Especialistas avaliam que o episódio tem potencial para ampliar o desgaste diplomático envolvendo a Corte superior brasileira, plataformas digitais e o debate sobre liberdade de expressão.
A comunicação judicial foi enviada na última sexta-feira (22), estabelecendo um prazo de 21 dias para manifestação de defesa de Moraes em uma corte federal na Flórida e, caso não se manifeste, o processo segue à revelia.
O cientista política, Gabriel Amaral, acredita que o impacto político pode ser maior que o jurídico, num primeiro momento.
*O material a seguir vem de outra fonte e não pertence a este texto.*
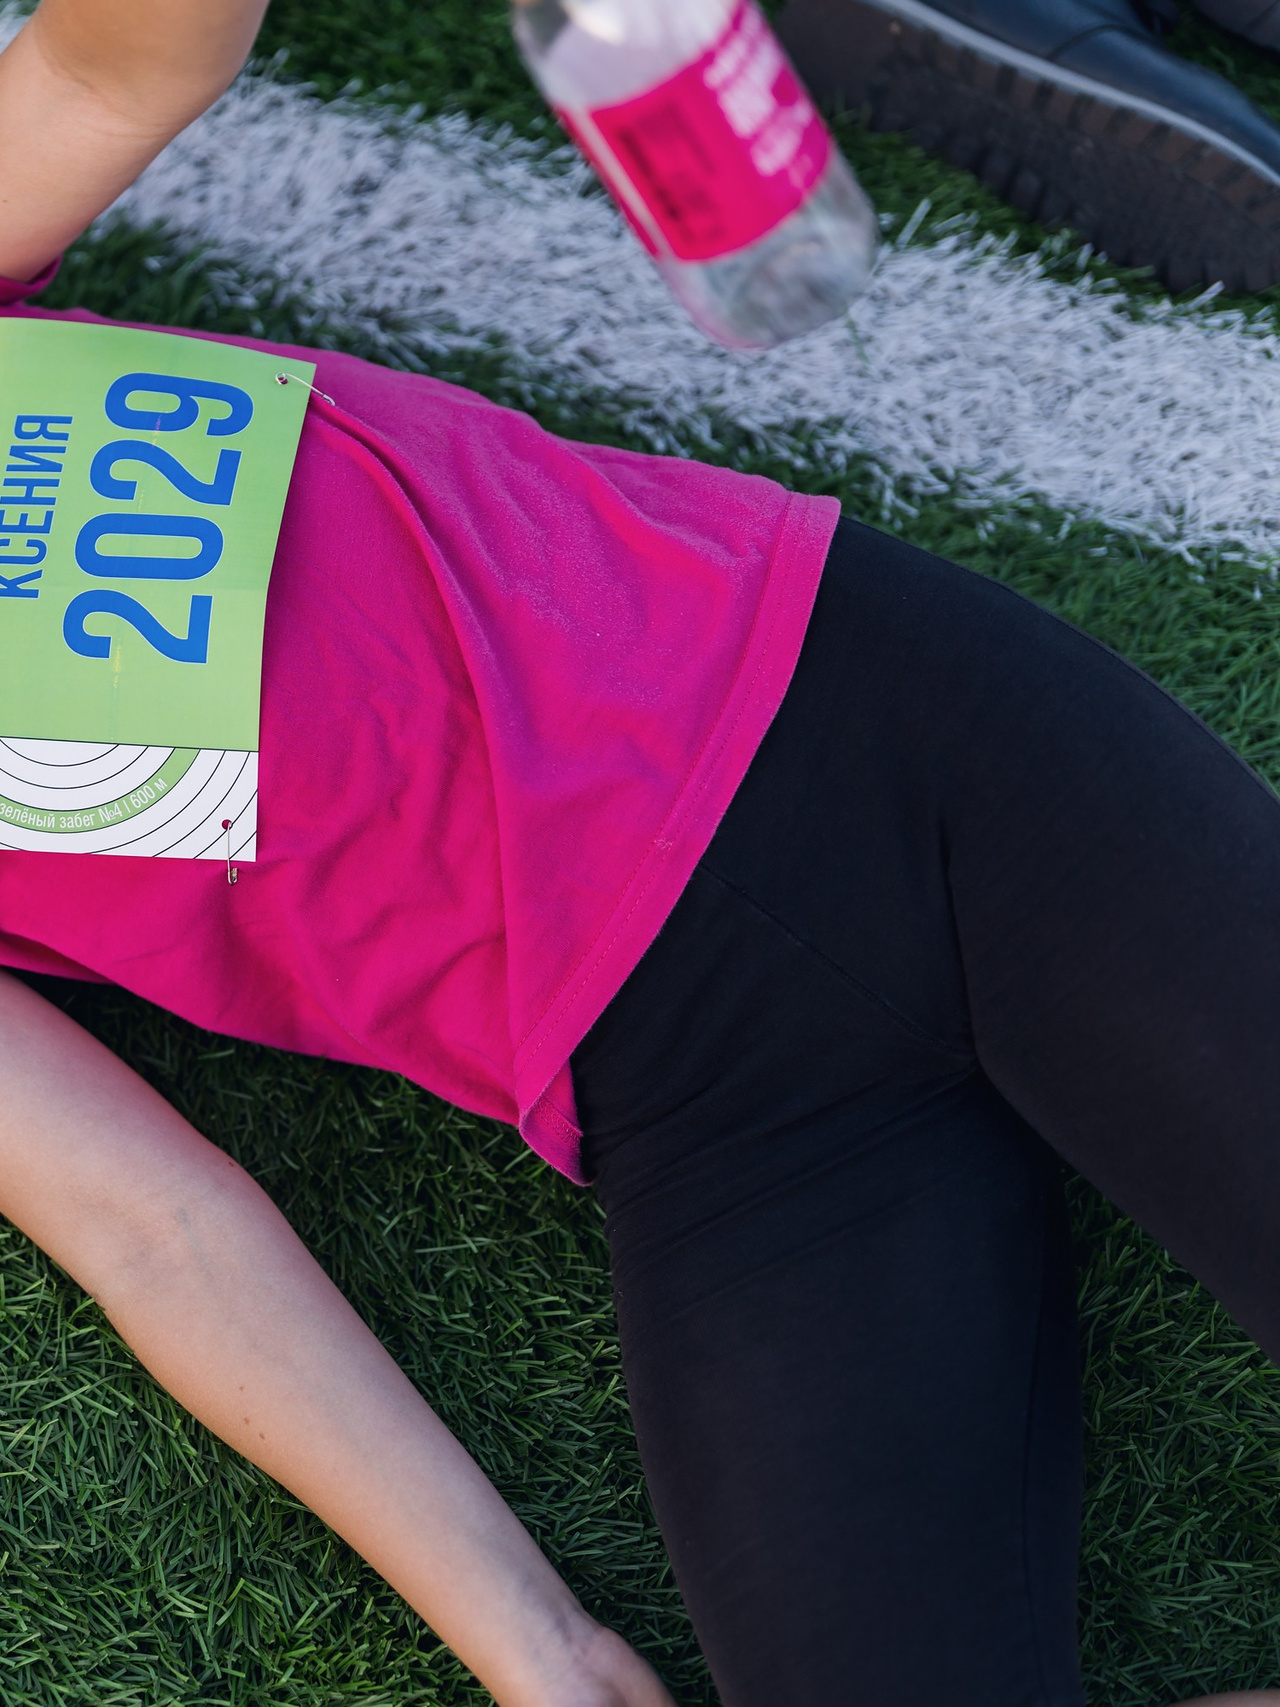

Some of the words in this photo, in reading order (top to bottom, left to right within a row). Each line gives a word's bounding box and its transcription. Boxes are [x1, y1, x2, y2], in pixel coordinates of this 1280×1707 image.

[62, 372, 254, 664] 2029
[59, 813, 96, 829] забег
[98, 807, 123, 824] №4
[130, 785, 156, 809] 600
“O caso internacionaliza disputas que antes estavam restritas aos ambiente político brasileiro e aproxima o STF de uma narrativa global envolvendo big techs, liberdade de expressão e setores ligados ao trumpismo. Isso amplia o desgaste diplomático e simbólico do conflito, ainda que efeitos concretos da ação permaneçam incertos”.
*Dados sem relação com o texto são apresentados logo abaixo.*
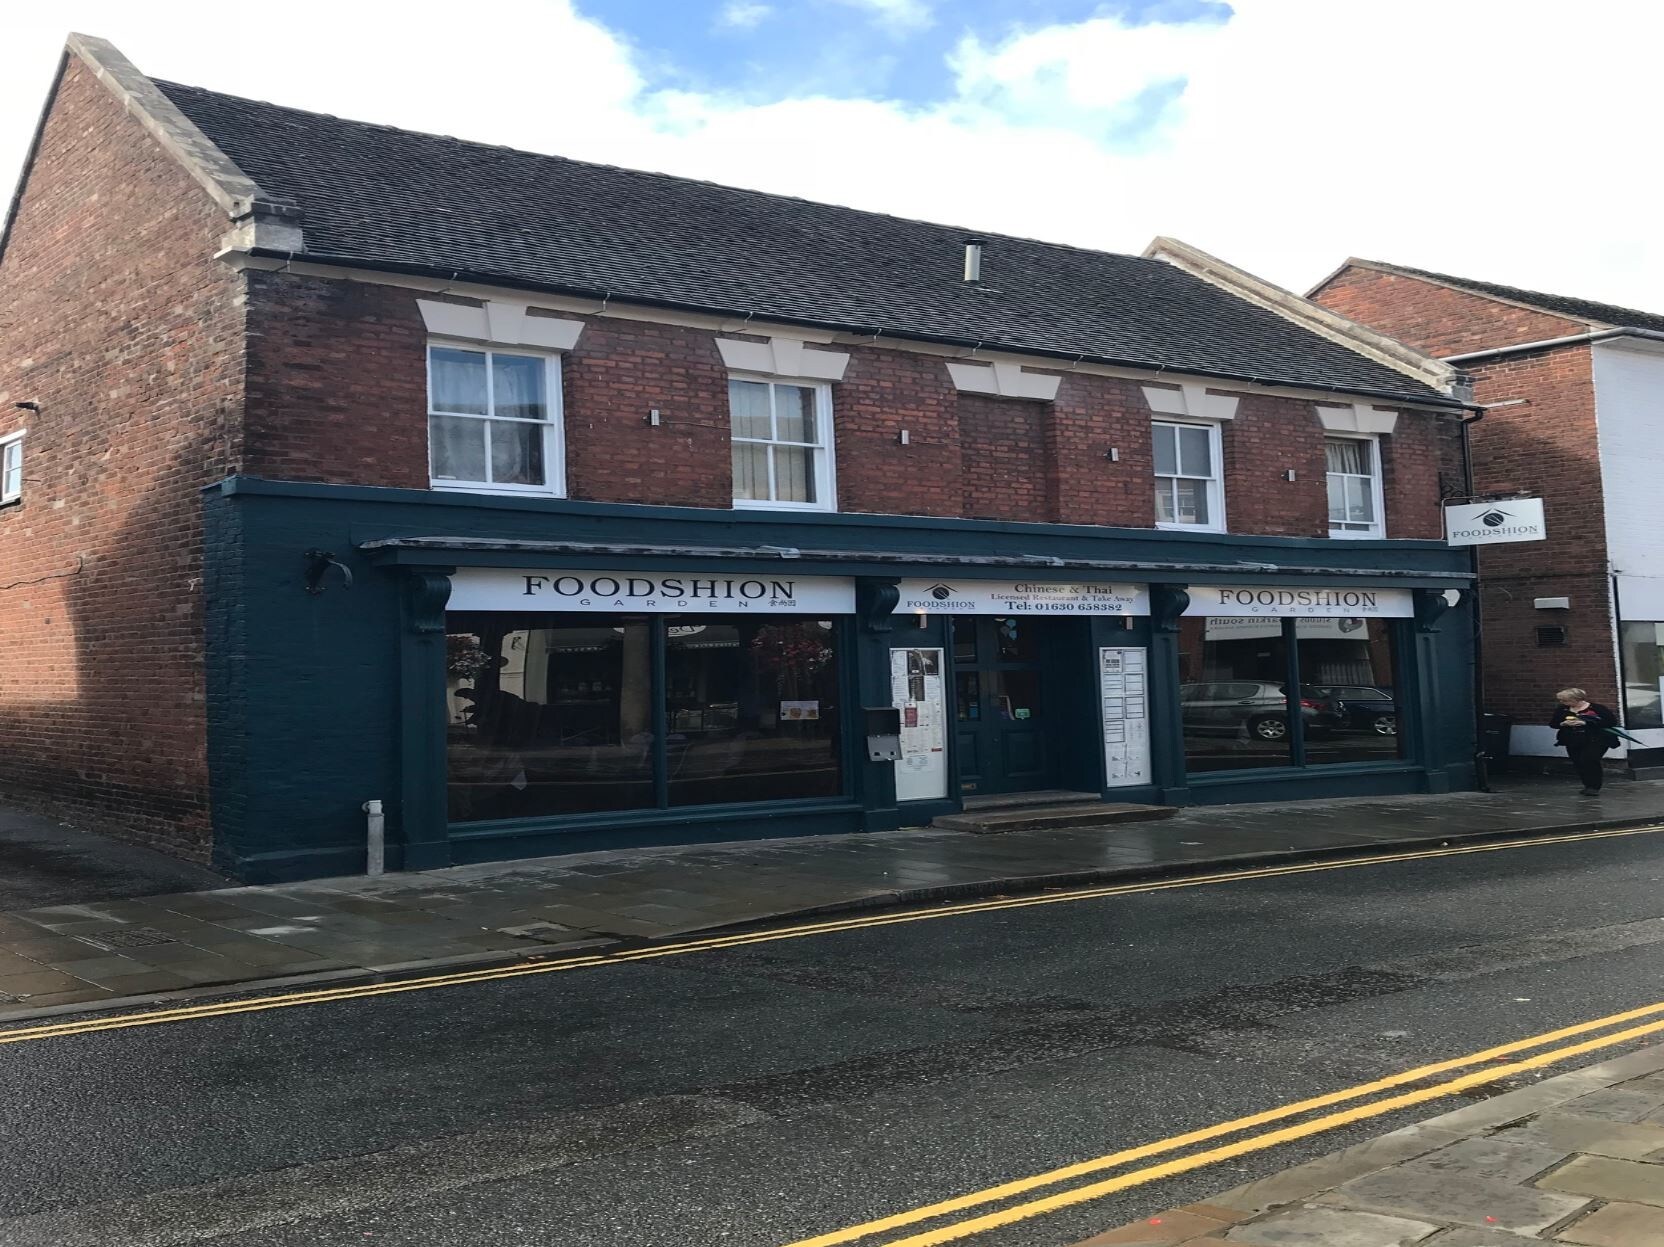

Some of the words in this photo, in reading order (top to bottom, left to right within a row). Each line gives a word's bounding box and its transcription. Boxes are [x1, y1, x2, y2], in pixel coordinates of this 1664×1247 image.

Na mesma linha, o internacionalista João Alfredo Nyegray avalia que a disputa ultrapassa o campo jurídico tradicional.
“A notificação de Alexandre de Moraes em território jurídico americano representa, antes de tudo, uma tentativa de deslocar um conflito originalmente doméstico para uma arena internacional mais favorável às plataformas digitais e à concepção norte-americana de liberdade de expressão. O litígio deixa de ser apenas uma disputa processual e passa a integrar a crescente polarização internacional sobre censura, soberania digital e limites de poder do estatal sobre o ambiente informacional”.
Segundo Gabriel Amaral, a justiça americana possui margem para admitir formas alternativas de notificação em disputas internacionais, inclusive por meios eletrônicos.
” A autorização da citação por e-mail não necessariamente incompatível com o sistema processual americano”.
Nyegray avalia que permanecem brechas importantes para contestação, “com Moraes podendo questionar a validade da notificação quanto a própria competência da Justiça americana, com a defesa sustentando que a tentativa de citação por e-mail violaria procedimentos internacionais obrigatórios e comprometeria garantias mínimas do próprio processo. Moraes pode alegar que os atos questionados foram praticados enquanto autoridade máxima de uma corte constitucional em procedimentos internos relacionados à aplicação da legislação brasileira“.
O cientista político Marcio Coimbra avalia que Moraes não poderia declarar a nulidade da notificação usando sua posição no STF, mas teria de contestar o ato diretamente na Corte da Flórida, alegando a falta de jurisdição dos tribunais sobre atos soberanos de um magistrado estrangeiro no exercício de suas funções, a imunidade jurisdicional de agentes de Estado e a invalidade da citação por e-mail”.
Coimbra acrescenta: “Se Moraes optar por não responder, a Justiça americana poderá decretar revelia, com o processo avançando apenas com argumentos e provas apresentadas pela Rumble e pela Trump Media, o que pode resultar em uma sentença condenatória à revelia com potencias sanções simbólicas ou restrições patrimoniais em solo americano“.